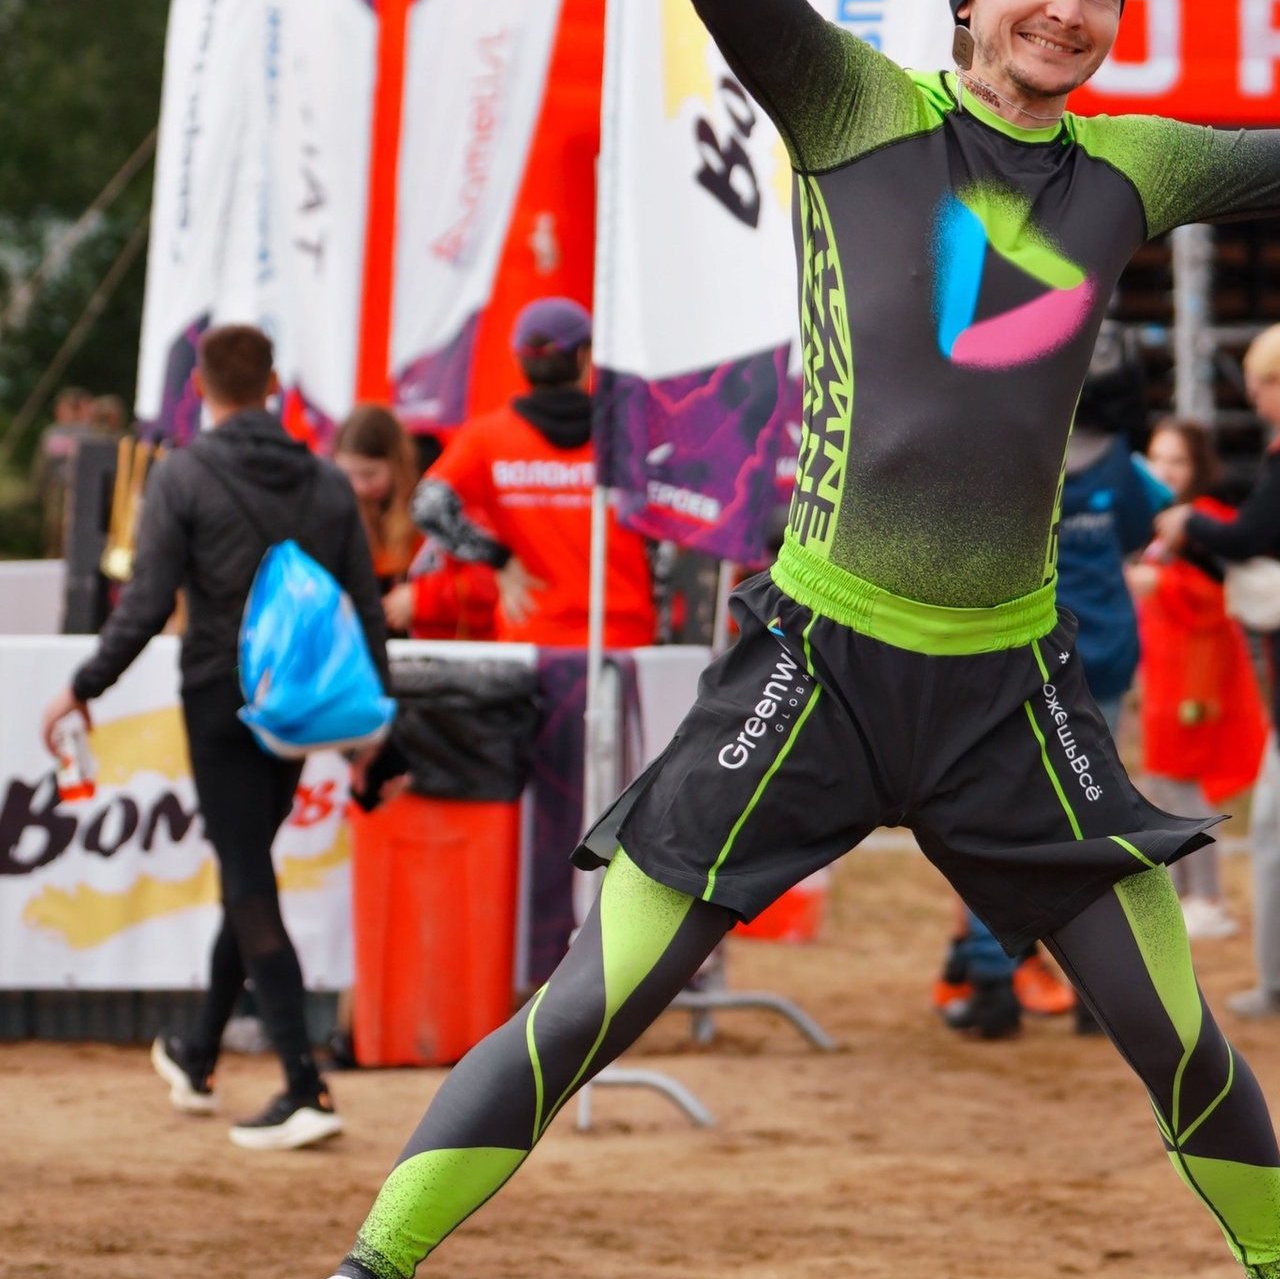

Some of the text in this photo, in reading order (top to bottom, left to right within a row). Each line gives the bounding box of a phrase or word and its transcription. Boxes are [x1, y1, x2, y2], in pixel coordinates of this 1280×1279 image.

[492, 459, 595, 488] ВОЛОНТ
[647, 479, 719, 521] ЕРОЕВ
[718, 651, 798, 770] Greenw
[775, 672, 811, 733] GLOBA
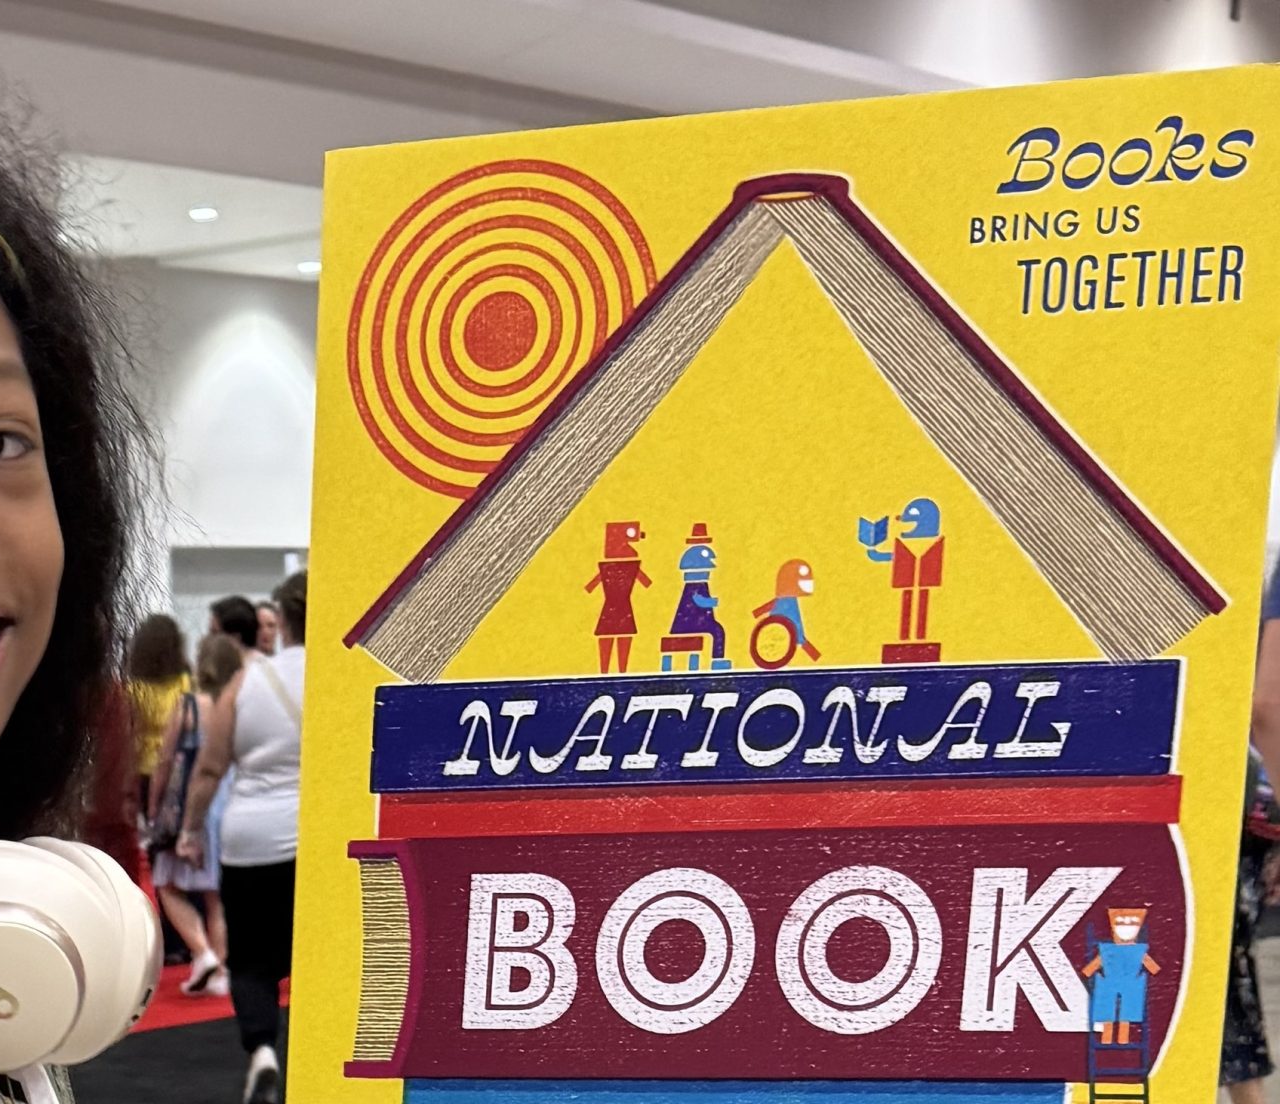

************

**Activity:** Retype the full listing above precisely. Exclude each picture you find in it.

**Result for this task:**
Some of the text in this photo, in reading order (top to bottom, left to right within a row). Each line gives the bounding box of a phrase or word and its transcription. Boxes are [x1, y1, x2, y2], in pixel coordinates of this 1280×1279 image.

[492, 459, 595, 488] ВОЛОНТ
[647, 479, 719, 521] ЕРОЕВ
[718, 651, 798, 770] Greenw
[775, 672, 811, 733] GLOBA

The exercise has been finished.